Race (or at least racism), unlike ethnicity, is based on a person’s appearance and not necessarily their culture.  I do not mean to imply that race is biological, it is a social construction, but that for example a black person raised by white people, who is culturally indistinguishable from whites, still experiences racism.  Gender is generally structured around biological sex (a person has to drastically change their appearance to be treated as a different gender); the traits that are described by these categories are partially biological (or based on the assumption of the presence of a certain biology) and thus it is impossible to completely break with these categories as long as the present society remains since they will effect how people treat you no matter how you act.  That is, race and gender consist of more than just roles.

 

Roles are social because they are relations, they are performances in which there is always an interaction with the audience.  They cannot simply be broken with on an individual level; by changing or breaking with a role one is necessarily changing a relation.  However, this does not mean that they can only be broken with collectively, or only by society as a whole.
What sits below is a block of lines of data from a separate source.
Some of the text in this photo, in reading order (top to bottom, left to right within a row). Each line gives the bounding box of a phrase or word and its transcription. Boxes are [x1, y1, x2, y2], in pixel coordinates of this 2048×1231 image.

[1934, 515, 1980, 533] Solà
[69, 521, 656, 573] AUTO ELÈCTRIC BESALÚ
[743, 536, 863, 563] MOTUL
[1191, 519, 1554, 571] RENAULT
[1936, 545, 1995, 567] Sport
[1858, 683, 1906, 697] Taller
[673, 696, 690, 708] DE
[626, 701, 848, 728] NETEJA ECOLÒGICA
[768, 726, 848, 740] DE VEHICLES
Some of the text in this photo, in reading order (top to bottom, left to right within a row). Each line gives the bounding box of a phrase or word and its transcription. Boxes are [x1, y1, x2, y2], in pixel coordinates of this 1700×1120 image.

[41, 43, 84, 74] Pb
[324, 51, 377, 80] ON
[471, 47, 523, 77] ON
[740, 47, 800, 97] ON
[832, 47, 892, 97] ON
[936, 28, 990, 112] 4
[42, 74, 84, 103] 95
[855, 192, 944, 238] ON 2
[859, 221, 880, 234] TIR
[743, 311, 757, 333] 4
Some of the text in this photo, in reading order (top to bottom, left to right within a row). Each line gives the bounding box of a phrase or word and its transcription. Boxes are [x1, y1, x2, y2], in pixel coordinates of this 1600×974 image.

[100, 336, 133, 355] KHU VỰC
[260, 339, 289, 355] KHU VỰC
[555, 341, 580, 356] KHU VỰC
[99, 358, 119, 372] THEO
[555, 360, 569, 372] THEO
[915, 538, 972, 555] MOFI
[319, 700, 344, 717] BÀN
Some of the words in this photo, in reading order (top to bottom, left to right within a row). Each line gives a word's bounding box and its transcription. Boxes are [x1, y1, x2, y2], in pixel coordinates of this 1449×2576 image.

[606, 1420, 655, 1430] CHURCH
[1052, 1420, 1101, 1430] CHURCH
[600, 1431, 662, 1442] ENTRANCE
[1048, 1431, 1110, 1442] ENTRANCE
To change roles is to change relations, such change can occur on many scales, it is not only a question of collective change.  There are innumerable intermediate scales to social change that lay between the individual and the collective or the individual and the societal.  Therefore we do not need to wait until some “collective break” seems imminent to move beyond the roles that shape our relations.  It is precisely by not waiting and starting to subvert these relations now at whatever scale possible that a break might eventually spread throughout society as a whole.  I am not referring to a collective break in the sense of a homogenous simultaneous break with roles but a multifarious rupture that spreads throughout society; the concept of roleless relations necessarily implies multiplicity for to act without a role is to act without the very power relations that create homogeneity.  Of course it is not that easy, it is not just a question of everybody trying to make change in their daily lives and this change adding up to a sum total of revolution.  A large-scale break with roles implies a large scale break with the power relations that roles perpetuate, in other words capital and the state must be destroyed in all of their manifestations, the multiple micro ways in which they filter into our relations, and their macro institutional forms.

 

To break with a role is not something that can be achieved immediately or easily, often one must first go through a process of subverting and bending roles, playing with them, making the unnaturalness of roles obvious through parody.  How do we expose the unnaturalness of gender, race or nationality?  Parody can expose a role as unnatural.  When someone misappropriates a gender role, when a man badly copies female behavior or vice versa we may be forced to think about whether there is a “genuine” female and male behavior.  Is the transvestite copying true femaleness or maleness or is s/he copying a copy?  Suddenly everything gets confusing.  Is she a real woman?  Is there such a thing? 

 

How do we organize ourselves in a qualitatively different manner without the constraints of roles?  How would we organize ourselves if the most powerful and repressive structures which reproduce our present social roles were absent?  It is important to be able to imagine such a situation and attempt to organize ourselves differently, without the roles that constrain us and perpetuate the state-capital machine, to the degree possible, here and now.